[Saved data entries]
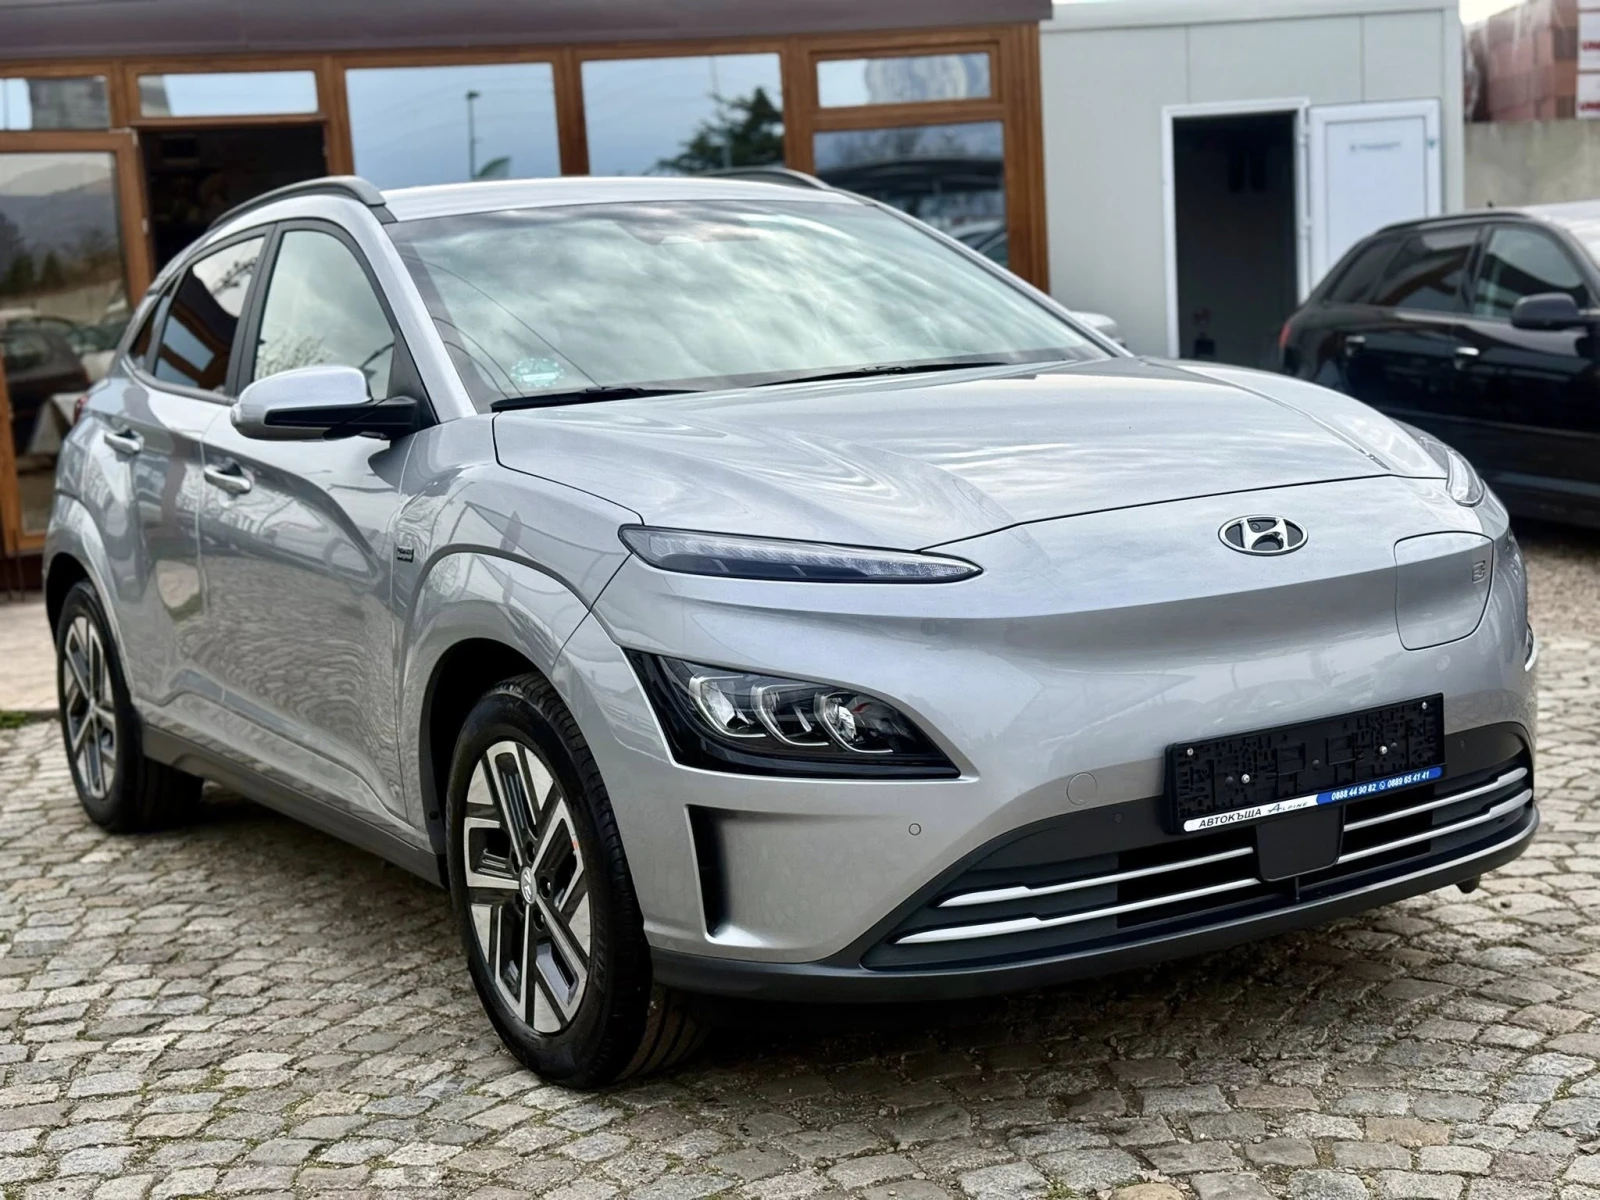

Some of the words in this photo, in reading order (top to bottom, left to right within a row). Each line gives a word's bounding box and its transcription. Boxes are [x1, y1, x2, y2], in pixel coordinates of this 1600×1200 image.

[1198, 808, 1262, 828] АВТОКЪША
[1331, 790, 1348, 801] 0888
[1349, 788, 1358, 796] 44
[1358, 785, 1367, 794] 90
[1367, 783, 1376, 792] 82
[1403, 774, 1412, 784] 65
[1413, 772, 1421, 782] 41
[1421, 770, 1430, 780] 41

What to produce:
Your copy must reproduce the entries above in full, without their pictures.

Expected answer:
Some of the words in this photo, in reading order (top to bottom, left to right within a row). Each line gives a word's bounding box and its transcription. Boxes are [x1, y1, x2, y2], in pixel coordinates of this 1600×1200 image.

[1198, 808, 1262, 828] АВТОКЪША
[1331, 790, 1348, 801] 0888
[1349, 788, 1358, 796] 44
[1358, 785, 1367, 794] 90
[1367, 783, 1376, 792] 82
[1403, 774, 1412, 784] 65
[1413, 772, 1421, 782] 41
[1421, 770, 1430, 780] 41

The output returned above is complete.